Please go line by line and repeat the data below exactly, with no images.

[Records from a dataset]
<<<<
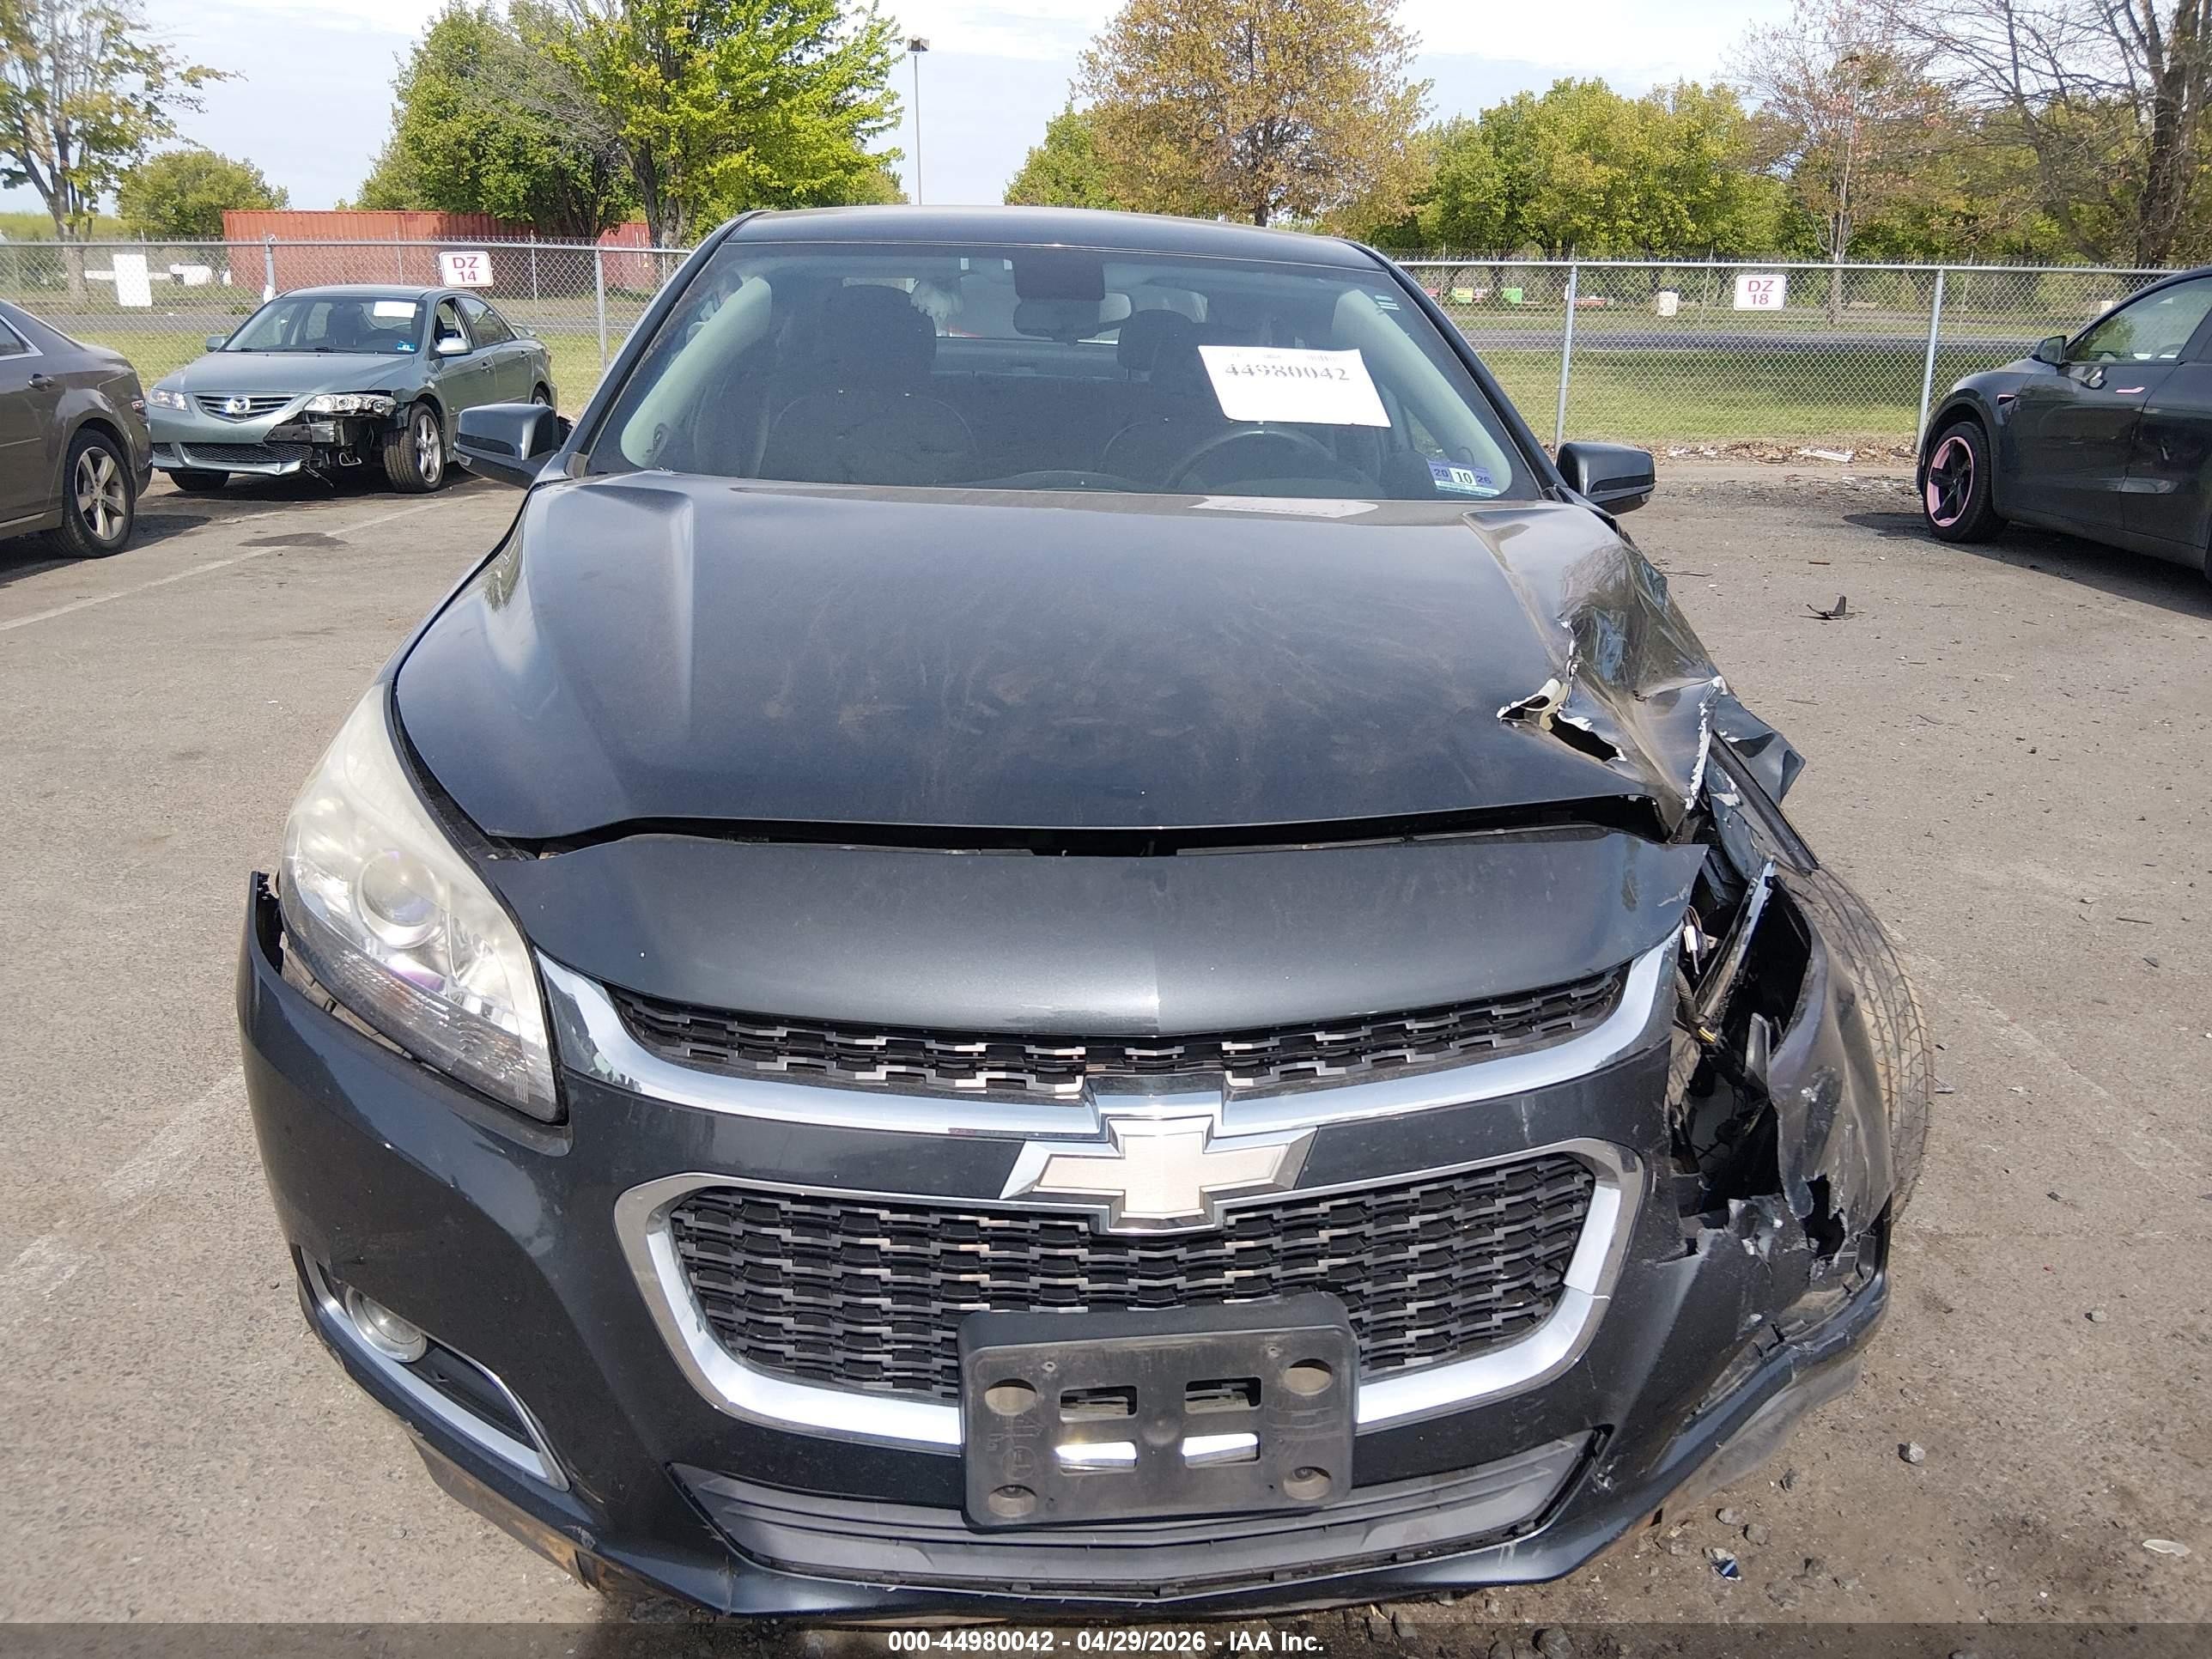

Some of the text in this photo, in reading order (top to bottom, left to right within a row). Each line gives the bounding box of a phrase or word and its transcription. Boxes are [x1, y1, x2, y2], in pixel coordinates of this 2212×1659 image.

[453, 257, 480, 269] DZ
[457, 270, 477, 283] 14
[1747, 280, 1775, 292] DZ
[1751, 293, 1769, 306] 18
[1224, 363, 1351, 381] 44980042
[1455, 471, 1473, 484] 10
>>>>
◆ PROBLEM SOLUTION:
Some of the text in this photo, in reading order (top to bottom, left to right within a row). Each line gives the bounding box of a phrase or word and its transcription. Boxes are [x1, y1, x2, y2], in pixel coordinates of this 2212×1659 image.

[453, 257, 480, 269] DZ
[457, 270, 477, 283] 14
[1747, 280, 1775, 292] DZ
[1751, 293, 1769, 306] 18
[1224, 363, 1351, 381] 44980042
[1455, 471, 1473, 484] 10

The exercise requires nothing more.